Este fín de semana acabé de arbitrar ya porque se acabó el campeonato. La verdad es que a parte de ganarme unas pocas lucas para vivir, ha sido una gran experiencia ver el baloncesto desde un equipo tan de barrio, con gente que lo único que tenía en común era el amor por el baloncesto. Chicos que apenas sabían botar, otros que calentaban con los cascos puestos escuchando rap para motivarse, y gente con muchas ganas de hacer que el baloncesto saliera adelante en los sábados fríos de un barrio de muy mala fama.
Es bonito ver la esencia, para poder entender el resto y querer de nuevo a este deporte como cuando empiezas a practicarlo.
Ahora estoy intentando trabajar por otros lados, tengo una entrevista de trabajo con una empresa de monitores de tiempo libre. Si saliera, tampoco estaría mal ganarme algo los fines de semana y así aguantar las semanas. El dinero se va en comprar comida, porque tampoco me gasto casi nada más , a excepción de los viajes, pero nos estamos cuidando bastante en viajar y no hemos hecho apenas nada.

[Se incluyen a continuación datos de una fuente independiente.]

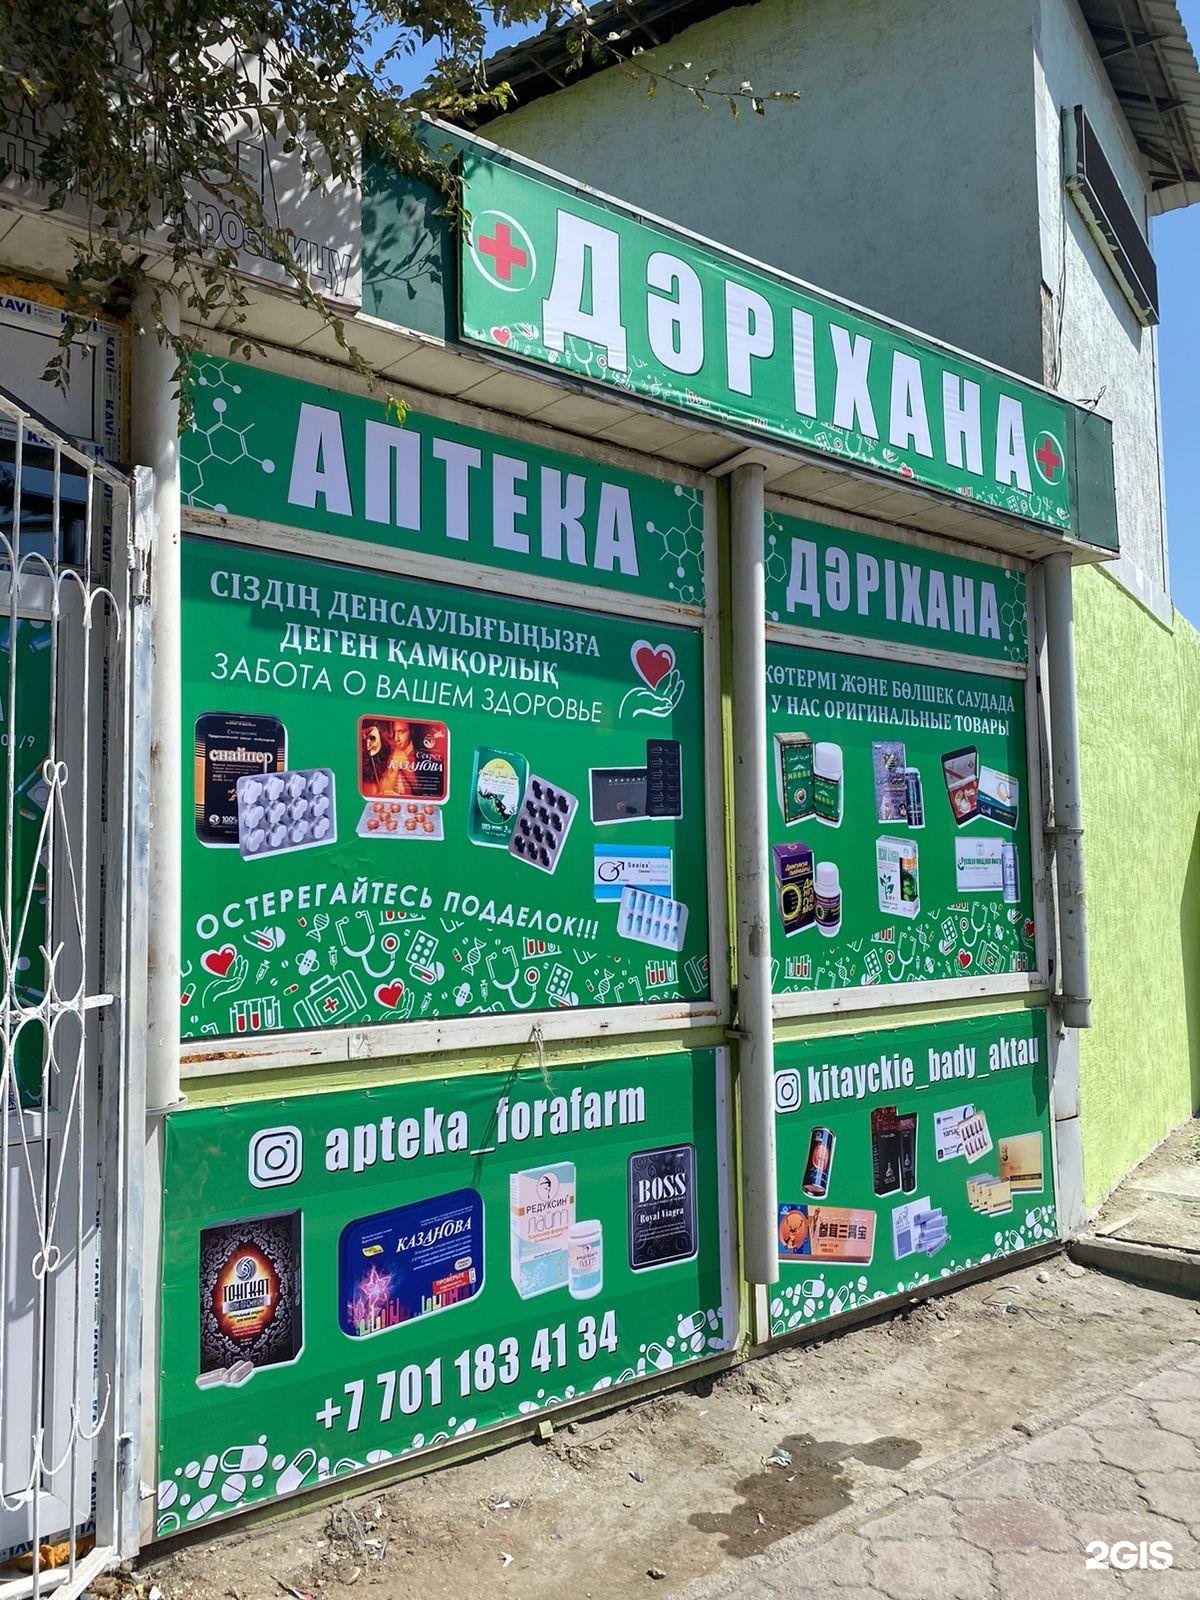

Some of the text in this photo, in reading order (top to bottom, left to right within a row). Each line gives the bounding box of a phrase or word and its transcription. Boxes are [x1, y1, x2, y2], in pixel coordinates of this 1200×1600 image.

[541, 207, 1033, 495] ДӘРІХАНА
[287, 401, 640, 578] АПТЕКА
[210, 570, 601, 657] СІЗДІҢ ДЕНСАУЛЫҒЫҢЫЗҒА
[786, 537, 1001, 640] ДӘРІХАНА
[211, 652, 603, 723] ЗАБОТА О ВАШЕМ ЗДОРОВЬЕ
[280, 622, 559, 689] ДЕГЕН ҚАМҚОРЛЫҚ
[771, 694, 1010, 736] У НАС ОРИГИНАЛЬНЫЕ ТОВАРЫ
[841, 674, 888, 696] ЖӘНЕ
[892, 681, 954, 705] БӨЛШЕК
[957, 689, 1015, 715] САУДАДА
[196, 876, 599, 941] ОСТЕРЕГАЙТЕСЬ ПОДДЕЛОК!!!
[808, 1037, 1040, 1104] kitayckie_bady_aktau
[325, 1086, 647, 1173] apteka_forafarm
[526, 1198, 568, 1214] РЕДУКСИН
[638, 1173, 687, 1204] BOSS
[640, 1207, 684, 1223] Royal Viagra
[396, 1216, 472, 1253] КАЗАНОВА
[316, 1309, 618, 1432] +7 701 183 41 34

La uni sigue en paro, pero los extranjeros tenemos clases igualmente y ya voy haciendo exámenes y prácticas. Si, aunque no lo crean voy a clase, estudio, y todas esas cosas necesarias en la vida de una estudiante universitaria. El otro día subí una foto en la biblioteca, para los incrédulos.
Sigo entrenando con las del equipo de la unviersidad, cada día más desenvuelta, más a gusto, y sin presión. Porque como no juego partidos... con quien si juego es con el equipo este que ya conté que me fichó. La verdad que a gusto, pero desubicada igualmente, porque apenas entreno con ellas y no hay mucha manera de hacer migas, de entendernos bien en pista, de mirar jugadas bien... lo típico. Pero bueno, jugar en la alta competición de Chile es algo que en la vida me hubiera imaginado, y no deja de sorprenderme lo que la vida nos propone en cada nueva vuelta de la esquina.

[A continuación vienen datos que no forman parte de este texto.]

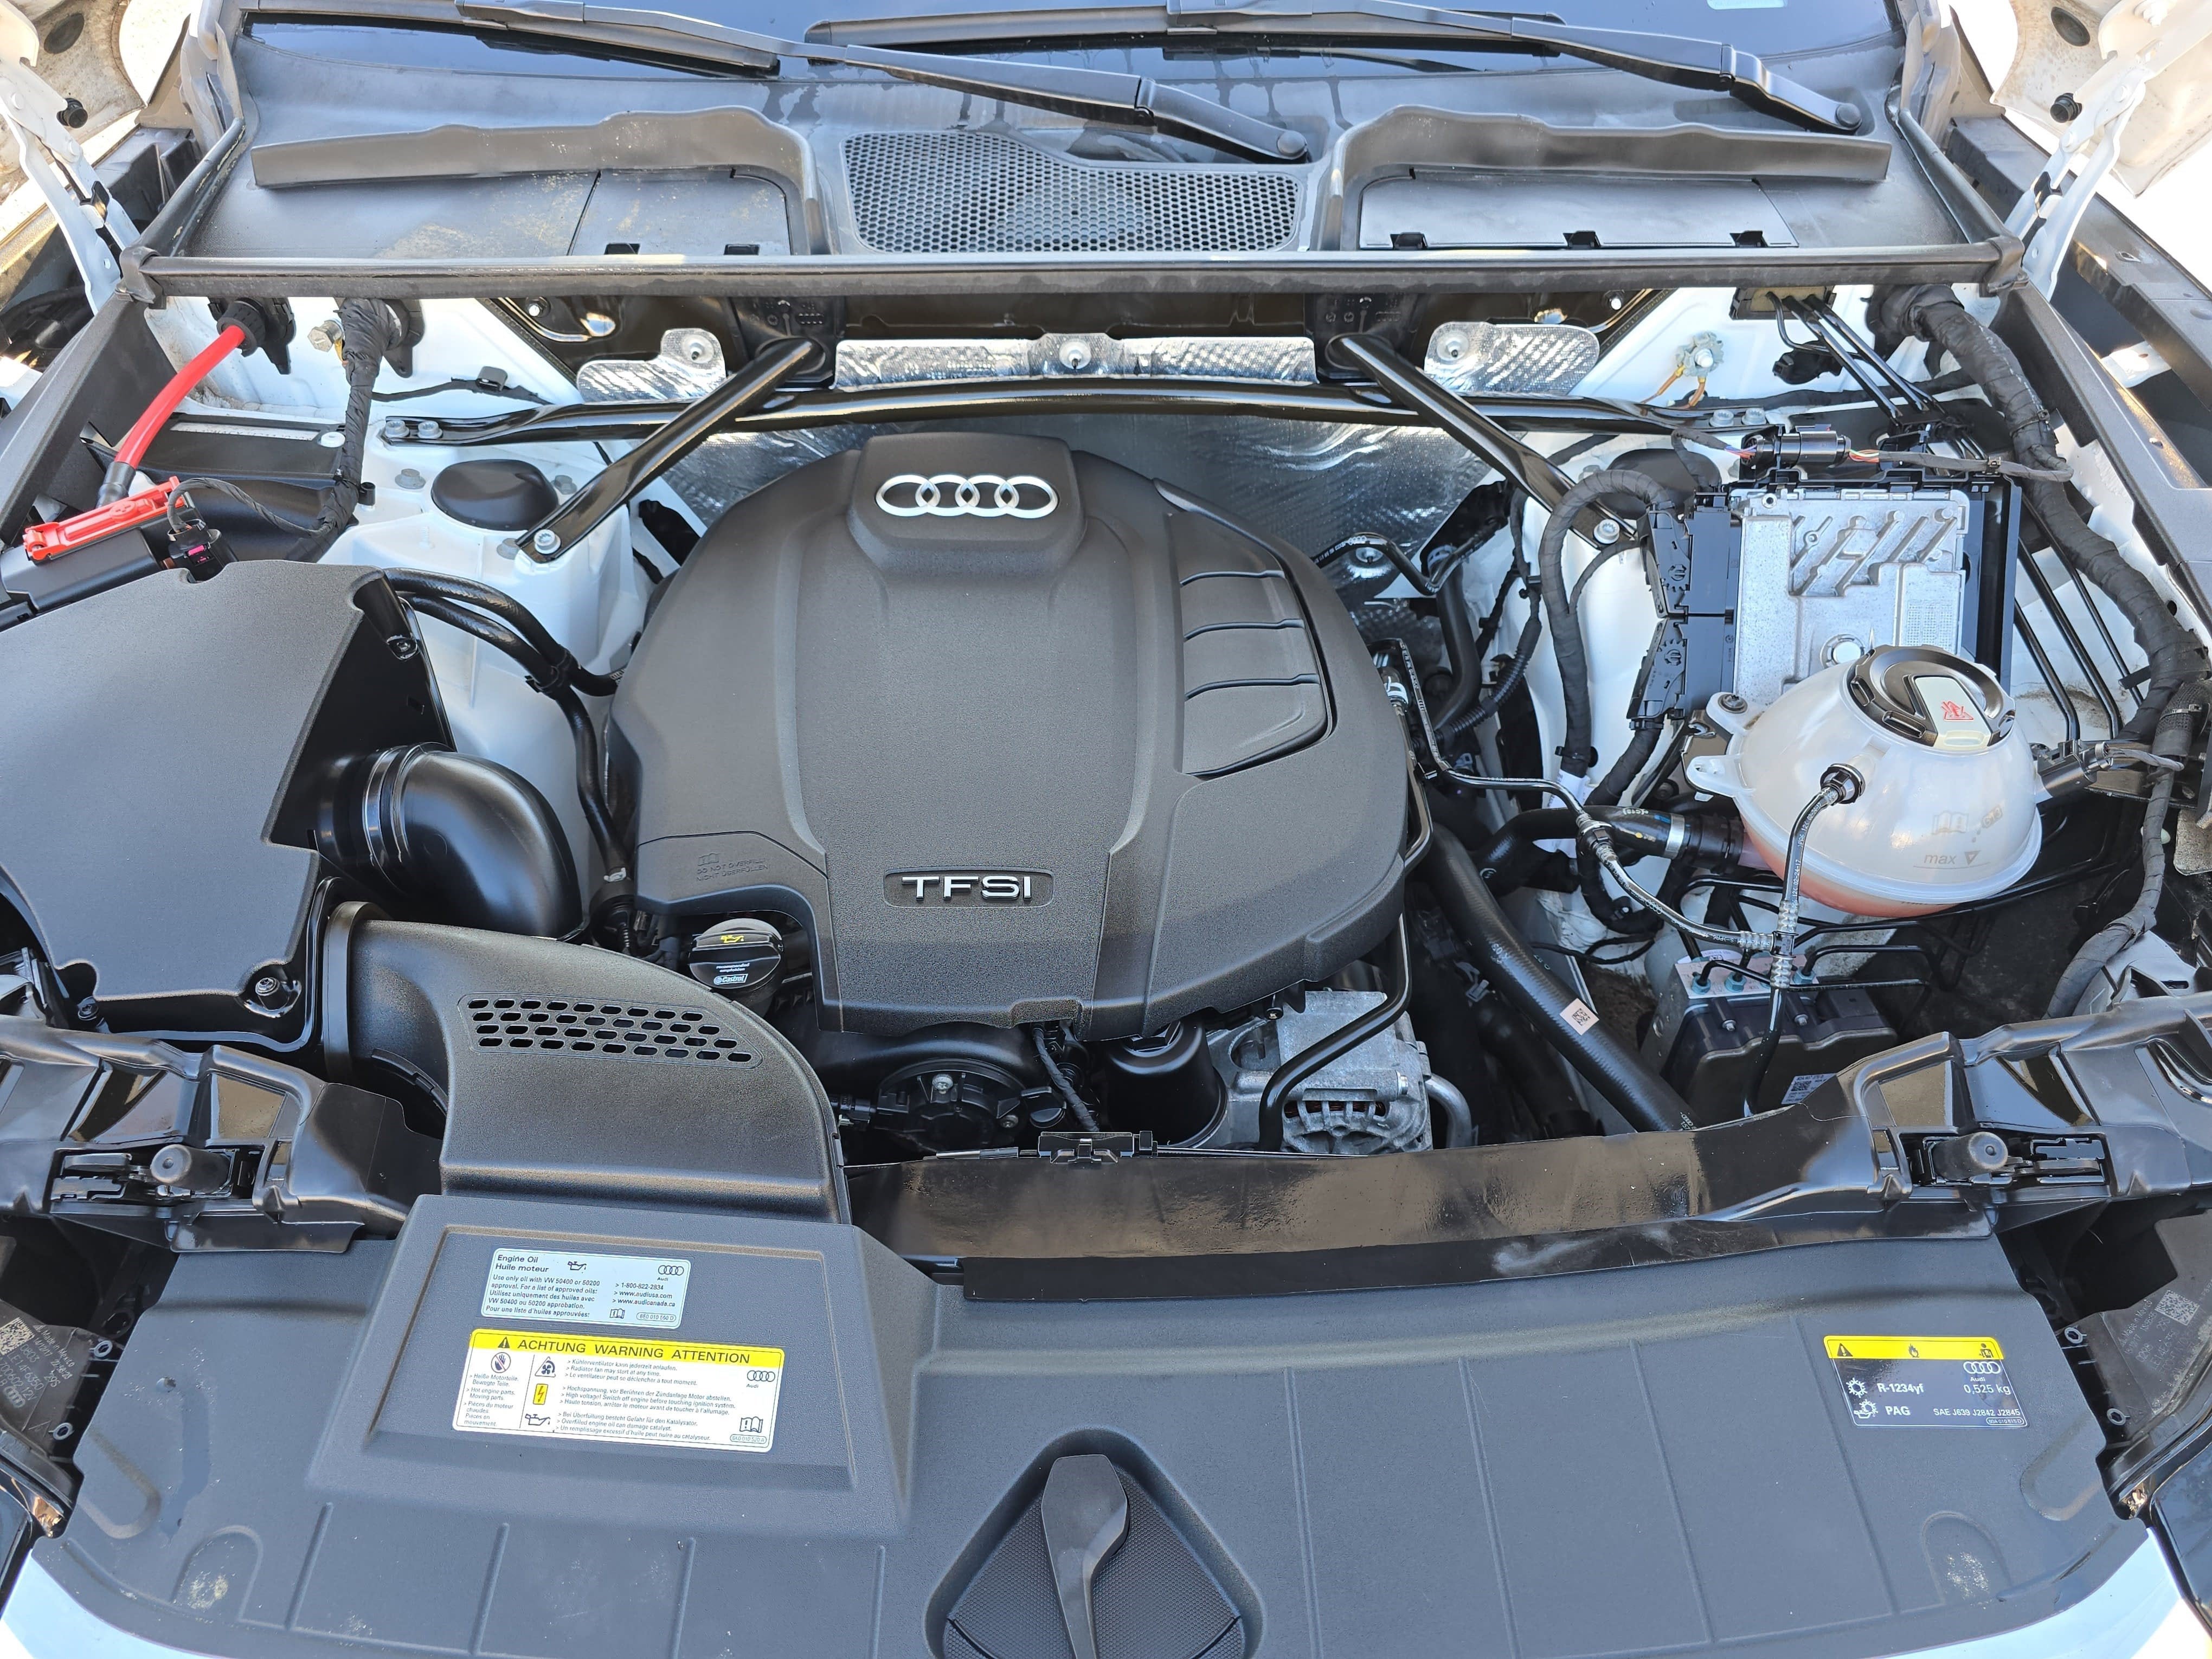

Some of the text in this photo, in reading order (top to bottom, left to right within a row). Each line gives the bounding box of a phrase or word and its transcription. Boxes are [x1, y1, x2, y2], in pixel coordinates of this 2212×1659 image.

[1924, 853, 1957, 865] max
[902, 876, 1032, 900] TFSI
[722, 975, 745, 983] Castrol
[497, 1255, 524, 1263] Engine
[42, 1330, 56, 1345] Made
[58, 1348, 75, 1367] Mexico
[517, 1340, 749, 1363] ACHTUNG WARNING ATTENTION
[1877, 1383, 1924, 1394] R-1234yf
[1963, 1384, 2011, 1395] 0,525 kg
[1885, 1406, 1911, 1415] PAG

Este mes es el último de Erika, y cuando lo pienso se me ponen los pelos de punta. Tengo que aprovechar para hacer el máximo de cosas con ella, pero como todos tenemos cosas de la universidad (ahora si, no como la semana pasada que casi me vuelvo a España); pues no es tan facil coincidir y hacer planes más allá de desayunar o comer juntas.
Hablando de comer, cada vez que cocina Marta y salimos a la terraza a disfrutar de su cocina con amor, y del sol que aunque hay menos aún queda, doy las gracias por la suerte que tuve desde que llegué acá.

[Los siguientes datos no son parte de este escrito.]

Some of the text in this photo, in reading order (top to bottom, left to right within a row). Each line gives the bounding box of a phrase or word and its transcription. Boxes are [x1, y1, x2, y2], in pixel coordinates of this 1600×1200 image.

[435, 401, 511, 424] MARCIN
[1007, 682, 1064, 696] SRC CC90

Dice Curro que ya se me ha pegado mucho el acento. Pero les aseguro que si andaran a clase con los cuatro mejicanos con los que voy ahora, sabrían lo que es de verdad un acento marcado, WEY.
En fín, que todo va sobre ruedas. Intento no ver el tiempo pasar, y meterme dentro de él para vivirlo todo desde dentro y fuertemente, pero a veces no puedo evitarlo y cuando me doy cuenta ya ha pasado. Me estreso pensando en mañana y eso hace que no me de cuenta de hoy, pero es un problema que nos ocurre a todos y que ahora que lo tengo más en cuenta, puedo evitar con mayor dificultad. Y si algo he aprendido aquí, es que no hace falta salir de casa para valorar un momento, una conversación con alguien, o un buen instante que recordaré.
Como decía el artista de Valparaíso, la vida son instantes. No recuerdas una etapa de un año, o de varios años. REcordamos instantes, momentos, esencias de algo mucho más grande. Eso tendré que hacer, (y hago).